Le choix, intelligent, du classement alphabétique ignore toute hiérarchie dans les différentes participations. Si tout ne se vaut pas, on est sûr de ne rien laisser de côté, et de faire de belles découvertes. La variété donne aussi une image plus proche des gens d’en bas protagonistes de ces histoires, qui bien souvent ont, au mininum, subi l’Histoire ; ce qui se répète malheureusement encore et toujours.

Cet « Au-delà des colères muettes » est illustré par des affiches, des publicités (le savon La perdrix…), des photos et dessins d’époque dont un éloquent dessin de Jean Effel et bénéficie de dessins réalisés exprès. Là encore la liste est riche, Tardi, Gros, Deloupy, Plop & KanKr, etc, avec un très beau frontispice de Fred Sochard.

NicoTag


Ahmed Tiab place sa nouvelle dans un dancing, on ignore quelle musique y est jouée.

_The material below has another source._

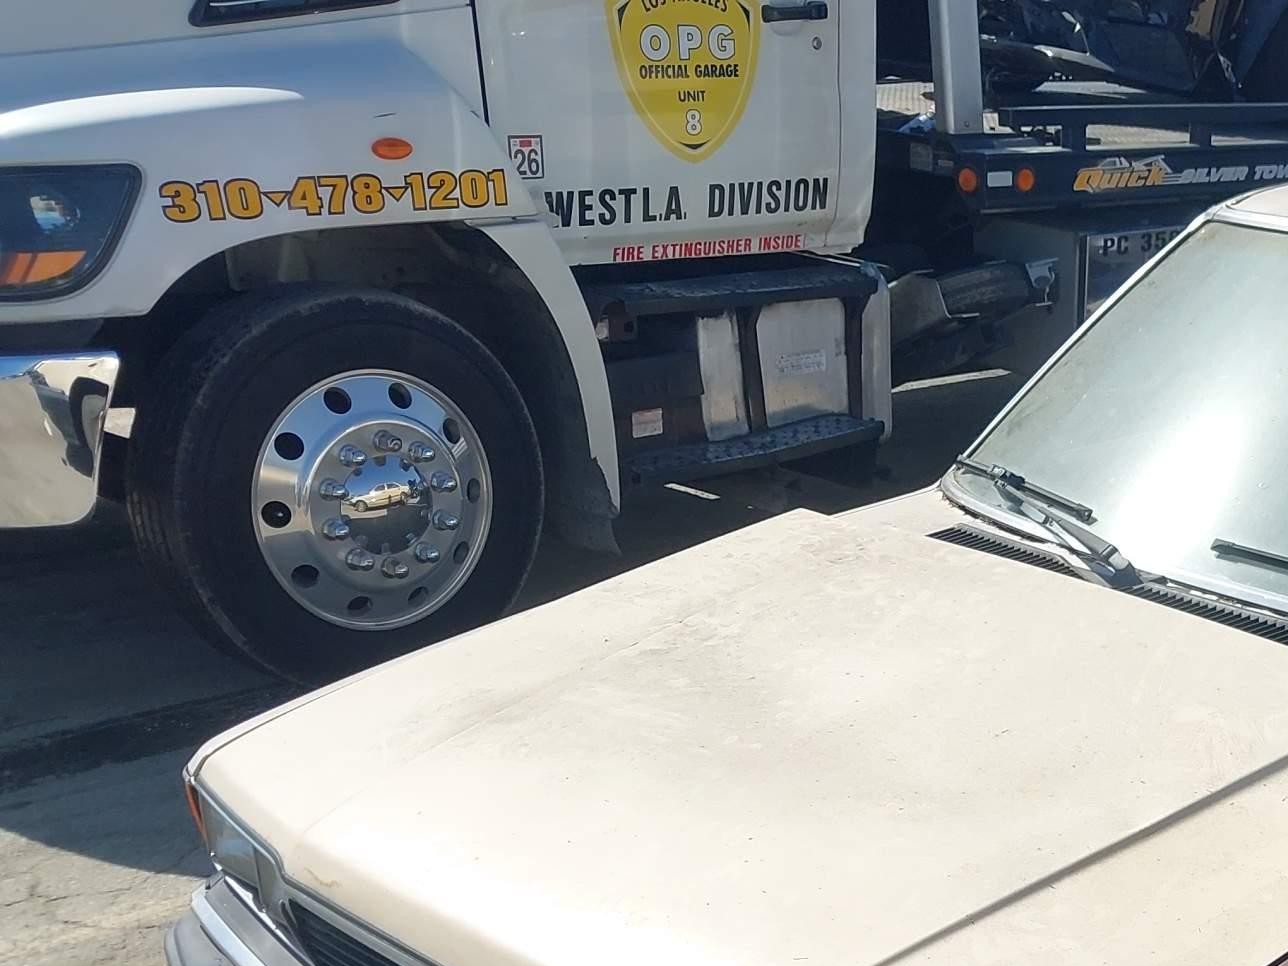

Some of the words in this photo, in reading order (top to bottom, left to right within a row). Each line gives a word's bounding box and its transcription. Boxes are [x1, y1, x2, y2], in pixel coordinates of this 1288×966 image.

Alors je choisis pour lui, un très bon soulman qui n’était pas né au printemps 1951, Curtis Harding !

NOUS SOMMES BIEN PIRES QUE ÇA de Guillaume Audru / Editions du Caïman.

L’auteur Guillaume AUDRU, n’est plus à présenter et a déjà démontré son talent dans ces ouvrages précédents, récompensés à juste titre. « Nous sommes bien pire que ça » est un roman court, brutal, sans concessions. 

Le personnage principal est Simon FLEURUS, un capitaine de l’armée, reconnu pour ces actes d’héroïsme à VERDUN pour avoir sauvé l’ensemble de sa compagnie au péril de sa vie. À la fin de la 1ère guerre mondiale, il n’est plus que l’ombre de lui-même et attend simplement de pouvoir rentrer chez lui. Il n’est plus en phase avec l’armée et ses propres convictions, surtout depuis sa participation aux tribunaux militaires. Il est vu par ses hommes comme le traître qui a condamné bon nombre des siens, jugés comme mutins, au bagne militaire ou au peloton d’exécution.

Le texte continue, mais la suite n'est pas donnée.